I think we meeting tonight at hooters for a couple dops and vapes. Come check out everyone's gear and play around with some drippers. Just need to confirm with @shaunnadan and @BigAnt


----------



## free3dom (1/4/15)

Viper_SA said:


> I wondered why they call it "silvering", now I guess it's because it is a lot like being sea-sick on silver waves, lol.



Actually, the reason behind the phrase "silvering" can be found here:

http://www.ecigssa.co.za/threads/doing-a-silver-what-does-this-mean.4335/

Reactions: Thanks 1


----------



## shaunnadan (1/4/15)

Gambit said:


> I think we meeting tonight at hooters for a couple dops and vapes. Come check out everyone's gear and play around with some drippers. Just need to confirm with @shaunnadan and @BigAnt




confirmed for tonight !

http://ecigssa.co.za/fourways-meet-hooters-tonight.t10282/

Reactions: Like 1


----------



## audiophile011 (1/4/15)

Gambit said:


> I think we meeting tonight at hooters for a couple dops and vapes. Come check out everyone's gear and play around with some drippers. Just need to confirm with @shaunnadan and @BigAnt





shaunnadan said:


> confirmed for tonight !
> 
> http://ecigssa.co.za/fourways-meet-hooters-tonight.t10282/



Thanks taking the time to reply, guys! I really appreciate it. I'm running around at the moment, so I'll reply thoughtfully once I've landed a bit later. 

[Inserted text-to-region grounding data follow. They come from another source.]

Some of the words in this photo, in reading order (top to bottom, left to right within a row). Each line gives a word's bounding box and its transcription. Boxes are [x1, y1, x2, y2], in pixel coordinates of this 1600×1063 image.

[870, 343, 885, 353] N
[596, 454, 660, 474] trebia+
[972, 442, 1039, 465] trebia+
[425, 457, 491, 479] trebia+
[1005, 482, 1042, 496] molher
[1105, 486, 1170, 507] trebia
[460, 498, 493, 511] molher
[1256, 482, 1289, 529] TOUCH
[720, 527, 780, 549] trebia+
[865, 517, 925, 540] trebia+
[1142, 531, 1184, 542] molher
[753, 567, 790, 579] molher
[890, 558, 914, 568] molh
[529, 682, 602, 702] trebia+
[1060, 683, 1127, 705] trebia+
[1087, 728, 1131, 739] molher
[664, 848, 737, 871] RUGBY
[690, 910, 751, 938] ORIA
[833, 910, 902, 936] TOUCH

Just wanted to post in the meantime, and say thanks very much for the invite @shaunnadan @Gambit 

I really wish I could come through and meet everyone, but with an exam coming up and the only time to study being in the evenings, I'm short on time to say the least. I promise I'll be at the next one, though!

Cheers,
Sean


----------



## Andre (1/4/15)

free3dom said:


> The Derringer is a great little RDA - I don't have one but have vaped on quite a few and the flavour is crazy. It's also widely available, cheap, and easy to work with.


+ 1 on the Derringer should you decide to go that route. Think it is a great starter dripper, can do single and dual coils and good adjustable airflow with excellent flavour.

Reactions: Agree 1


----------



## vaalboy (1/4/15)

If you got the budget I would simply suggest to go with Reo. The RM2 is an extremely noob friendy atty to hone your coil building skills and then as an added bonus you have the trouble free vaping ease of the Reo itself.

I went straight from tanks to a Reo and looking back, it was the best decision I made on my vaping journey.

Reactions: Like 1 | Agree 3


----------



## Rob Fisher (1/4/15)

Agree on the REO issue obviously... but if you need to try a dripper then I would suggest the Derringer... best dripper I have found in a long time! Simple and easy to use and great flavour!

Reactions: Like 2


----------



## audiophile011 (11/4/15)

Hey guys!

Thanks again for all the replies, they really are appreciated! 

I went through to VK on Friday, with the intention of nothing other than some coils for my mAN and bigger brother. Ended up with the original Subtank (the enormous one with the chimney that has to be swapped), and some kanthal and cotton to start experimenting with. 

I am extremely impressed with the tank so-far, and with the RBA base, the capacity is a little less insane than the 7ml+ monster OCC capacity. 

Thankfully I have spent many years working on bikes, cars and various electronics, so I've built up quite a collection of tools and sundry, so my first attempt at my own coil came out reasonably well. I'm currently running the subtank on a 20w iStick, so it looks quite ridiculous, but even with my novice coil-building skills, produces enough clouds to upset my wife. Unfortunately I'm limited to super-ohm coils until I can upgrade my little shocker, but that will come in time. 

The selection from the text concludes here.